**Required work:**
Copy out, unchanged, the entries below from the "Some of the text" line to the final line. Omit pictures.

**Records shown:**
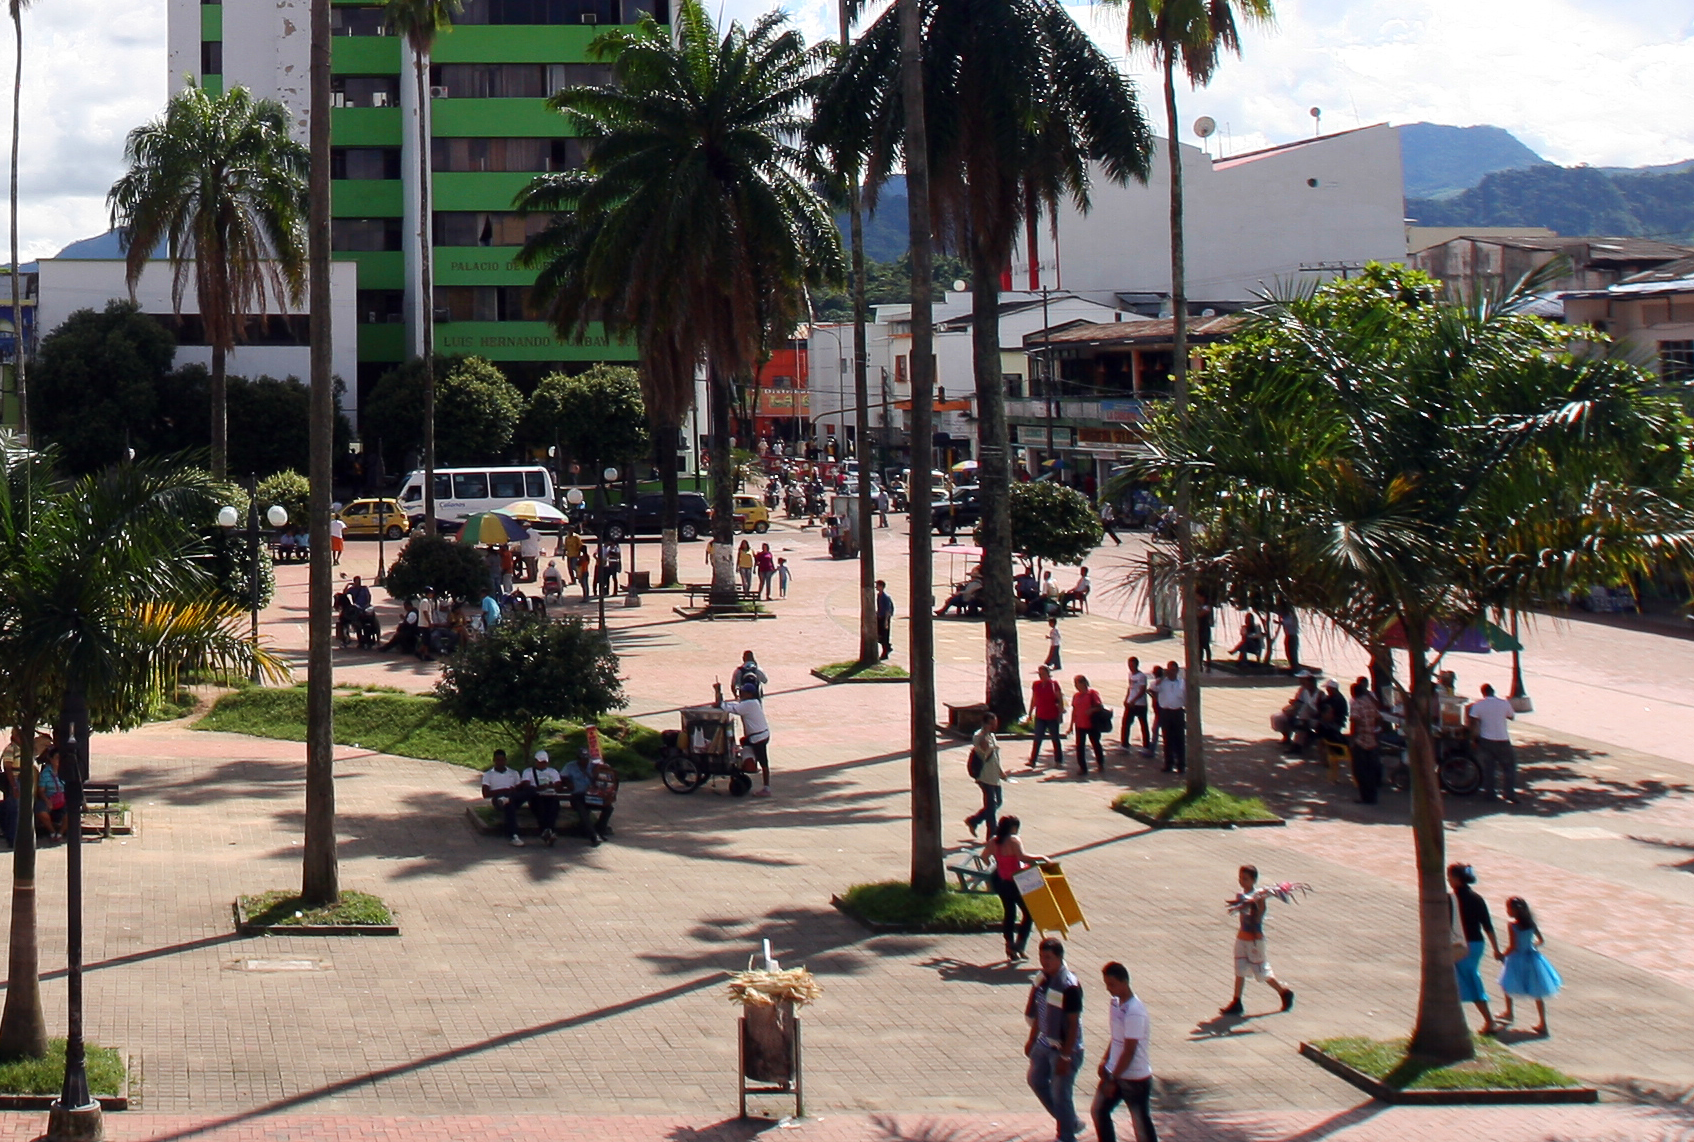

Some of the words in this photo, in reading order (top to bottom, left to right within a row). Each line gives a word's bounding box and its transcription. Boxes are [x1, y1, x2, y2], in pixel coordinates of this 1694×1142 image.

[450, 261, 499, 271] PALACIO
[443, 336, 474, 347] LUIS
[480, 336, 550, 347] HERNANDO
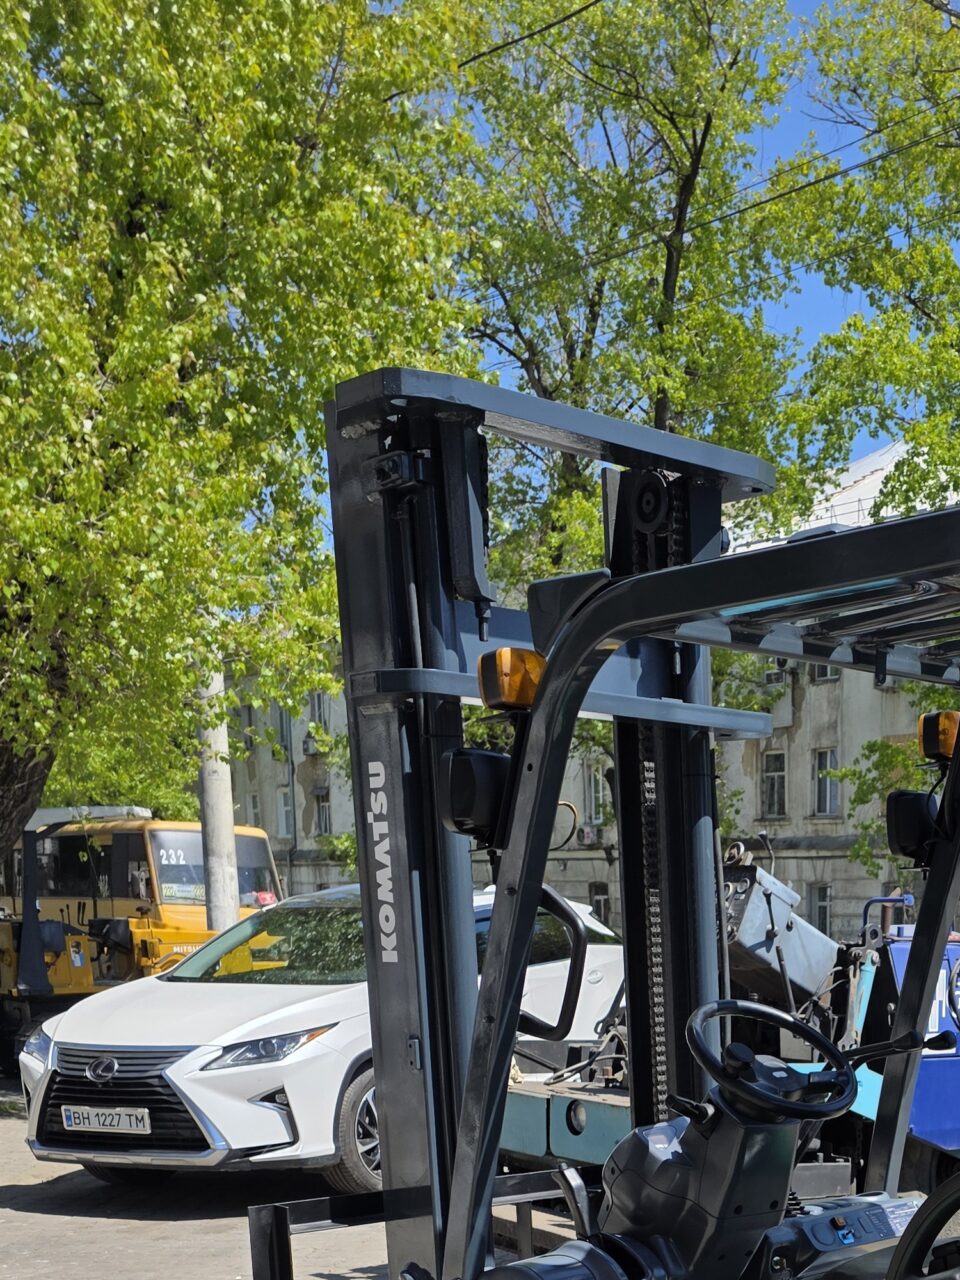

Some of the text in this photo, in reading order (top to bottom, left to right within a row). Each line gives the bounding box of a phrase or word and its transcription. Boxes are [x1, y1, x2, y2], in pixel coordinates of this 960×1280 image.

[160, 849, 186, 865] 232
[367, 761, 398, 963] KOMATSU
[73, 1111, 145, 1129] BH 1227 TM
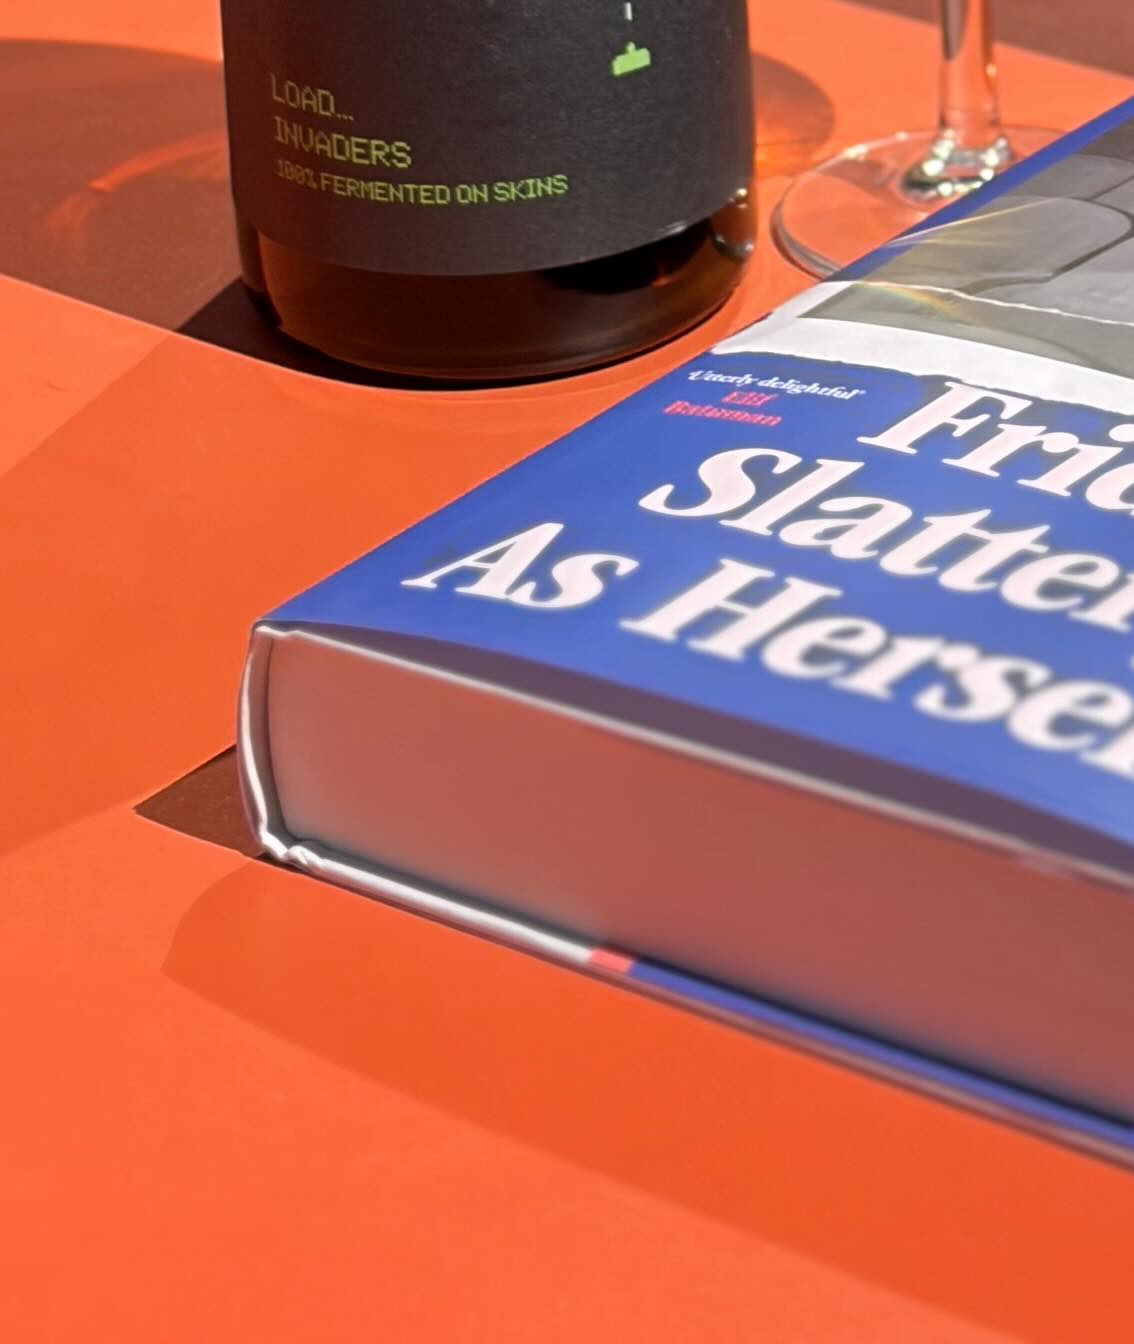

**Response:**
Some of the text in this photo, in reading order (top to bottom, left to right within a row). Each line gives the bounding box of a phrase or word and its transcription. Boxes are [x1, y1, x2, y2], in pixel coordinates of this 960×1280 image.

[160, 849, 186, 865] 232
[367, 761, 398, 963] KOMATSU
[73, 1111, 145, 1129] BH 1227 TM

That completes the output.